Ada beberapa kenalan dari stus-situs media sosial yang ternyata punya bakat seni yang tidak dijalani secara profesional. Dalam keluangan waktunya, mereka kadang mempublikasikan karya-karyanya tanpa mengharapkan komen apapun apalagi peluang untuk menjadi orang terkenal. Ada yang trampil dalam membuat sketsa dan lukisan, ada yang puitis, dan adapula yang cakap dalam bidang musik. Hasrat ingin berbagi sajalah yang melatarbelakangi postingan mereka itu.

Salah satunya, sebut saja namanya Hitam Putih (karena akupun tidak tau apakah nama yang ia gunakan di situs seberang sana itu nama aslinya atau bukan), sempat menampilkan beberapa corat coretannya yang diakuinya dilakukan sebagai pembunuh waktu nganggurnya. Biasanya, ia memulai karya dari sekedar menggunakan bolpen atau pinsil di atas kertas biasa. Namun karena ia juga sering menggunakan komputer, setelah karyanya itu discan, ia terus menyelesaikannya dengan komputer atau gadget lainnya. Umumnya penyelesaian dengan penggunaan teknologi ini dilakukan dalam pewarnaan.

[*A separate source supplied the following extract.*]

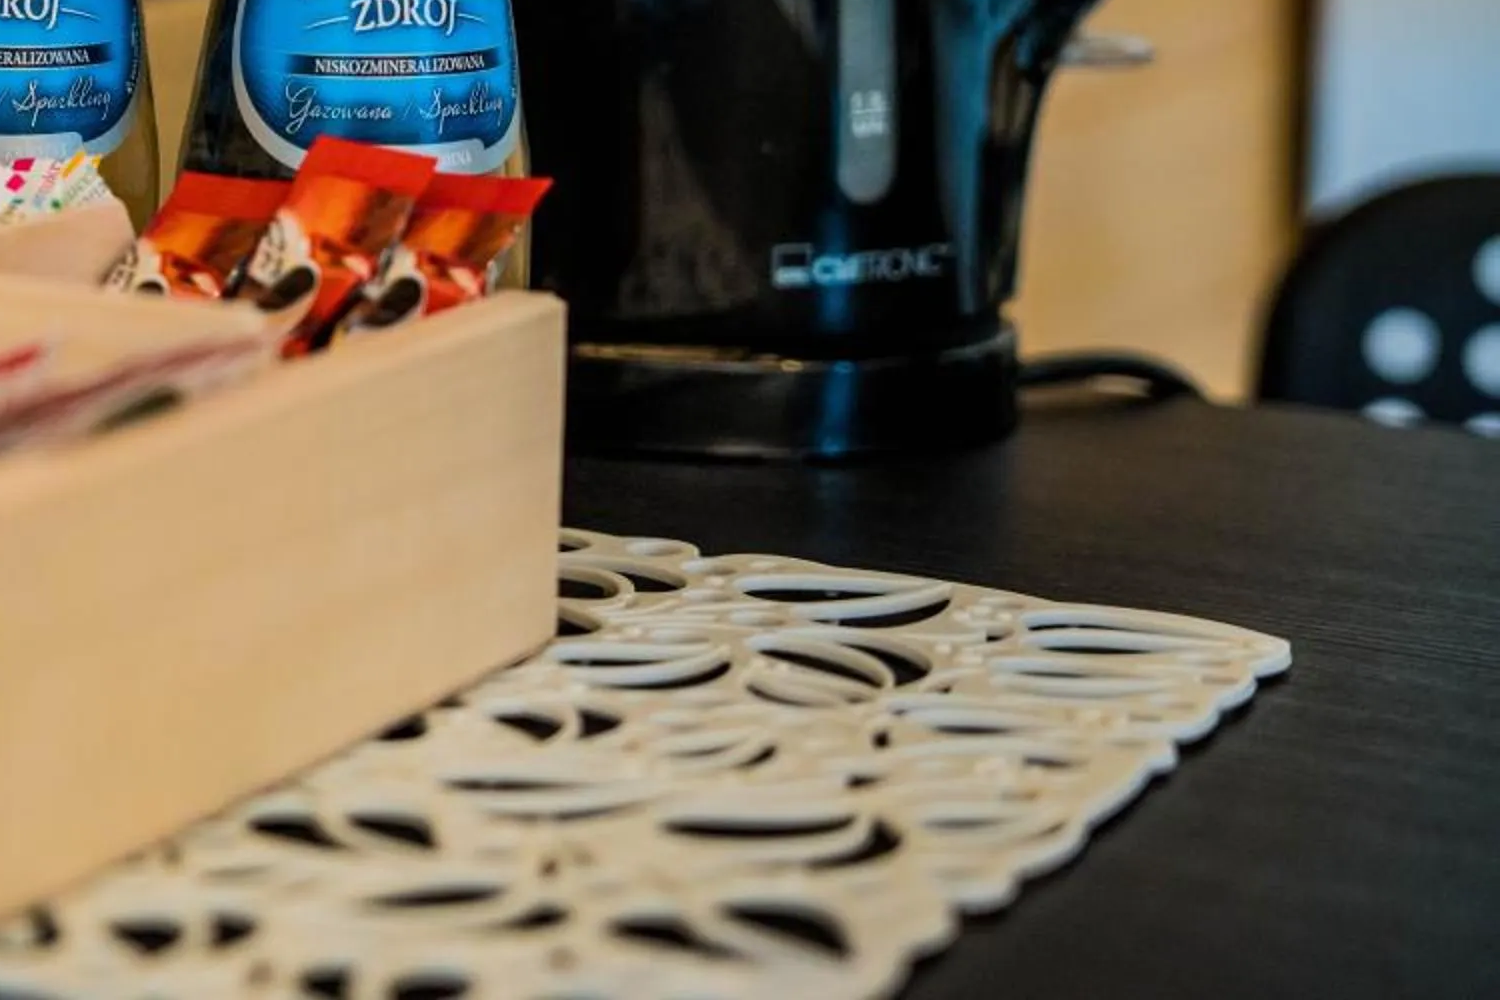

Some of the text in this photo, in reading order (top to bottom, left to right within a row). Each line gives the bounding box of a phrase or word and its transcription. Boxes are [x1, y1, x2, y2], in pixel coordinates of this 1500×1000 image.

[315, 53, 485, 75] NISKOZMINERALIZOWANA
[13, 74, 112, 127] Sparkling
[285, 77, 393, 134] Gazowana

Hanya dua yang aku tampilkan di sini karena aku juga tidak ingin terlalu mengekspos semua karyanya mengingat ia menganggap bahwa apa yang dibuatnya belum layak dilihat banyak orang. Mungkin suatu hari nanti, aku bisa membuat suatu pameran sketsa dan lukisan yang dibuatnya, dan/atau kenalanku yang lainnya.

So, Hitam Putih, wherever you are, you know I'm talking about you and thank you for letting me use these pictures to make my site more cheerful.






Saturday, January 4, 2014

Pembelajaran

Suatu sore, sekitar 3 tahun yang lalu, aku menerima sebuah pesan singkat yang terkirim dari nomor telpon yang tidak kukenal. Isi pesannya sangat mirip sekali dengan tipikal spam yang biasanya diramu seolah berasal dari kenalan yang minta diisikan pulsa. Pesan seperti ini mungkin bisa sekali tiap dua minggu aku terima dari nomor-nomor asing, sehingga aku hampir saja mengabaikan dan langsung menghapus pesan yang aku terima sore itu. Namun ketika aku menyadari namaku disebut di dalamnya, aku mulai mempertanyakan identitas si pengirim dengan membalas pesan itu. Ternyata ia adalah kenalan dekat yang pernah berbisnis denganku beberapa tahun sebelumnya. Ia juga orang yang berjasa mengenalkan dan mengajari aku tentang penggunaan photoshop yang kemudian menjadi salah satu program andalan dalam menjalankan bisnisku.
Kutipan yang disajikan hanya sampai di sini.